Mendez mounted the steps of the platform and then stood at ease next to her.

“You have read my psychological evaluations?” Déjà asked Dr. Halsey.

“Yes. They were quite thorough,” she said. “Thank you.”

“And?”

“I’m forgoing your recommendations, Déjà. I’m going to tell them the truth.”

Mendez gave a nearly inaudible grunt of approval—one of the most verbose acknowledgments Dr. Halsey had heard from him. As a hand-to-hand combat and physical-training DI, Mendez was the best in the Navy. As a conversationalist, however, he left a great deal to be desired.
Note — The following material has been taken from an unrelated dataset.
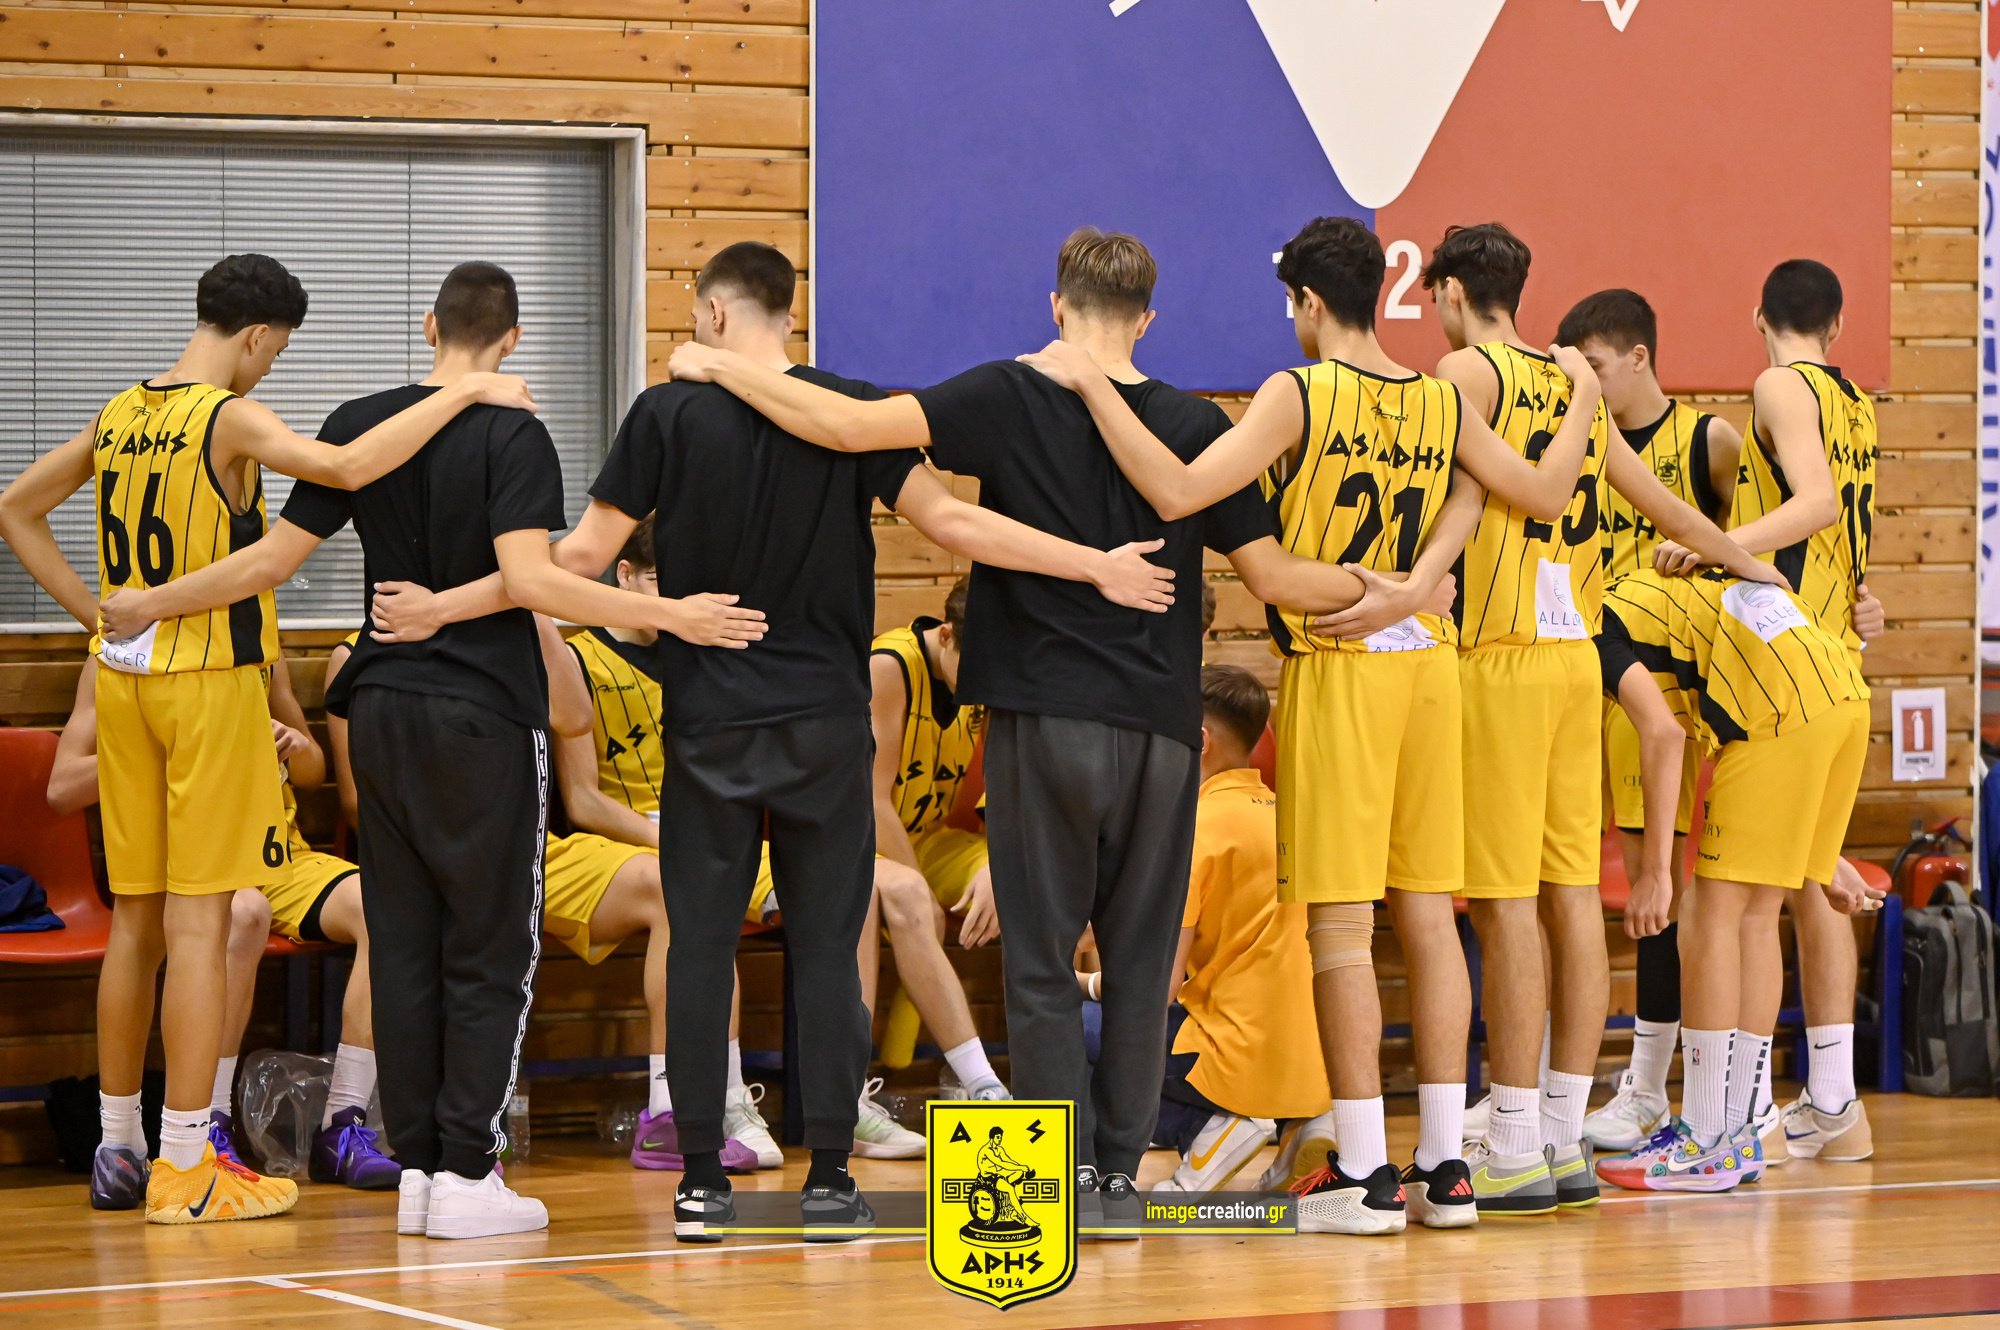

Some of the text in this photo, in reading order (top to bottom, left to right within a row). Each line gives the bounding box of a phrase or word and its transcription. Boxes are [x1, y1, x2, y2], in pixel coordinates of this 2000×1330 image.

[101, 469, 174, 588] 66
[1335, 472, 1426, 573] 21
[691, 1189, 710, 1199] NIKE
“The truth has risks,” Déjà cautioned.

“So do lies,” Dr. Halsey replied. “Any story fabricated to motivate the children—claiming their parents were taken and killed by pirates, or by a plague that devastated their planet—if they learned the truth later, they would turn against us.”

“It is a legitimate concern,” conceded Déjà, and then she consulted her tablet. “May I suggest selective neural paralysis? It produces a targeted amnesia—”

“A memory loss that may leak into other parts of the brain. No,” Dr. Halsey said, “this will be dangerous enough for them even with intact minds.”

Dr. Halsey clicked on her microphone. “Bring them in now.”

“Aye aye,” a voice replied from the speakers in the ceiling.

“They’ll adapt,” Dr. Halsey told Déjà. “Or they won’t, and they will be untrainable and unsuitable for the project. Either way I just want to get this over with.”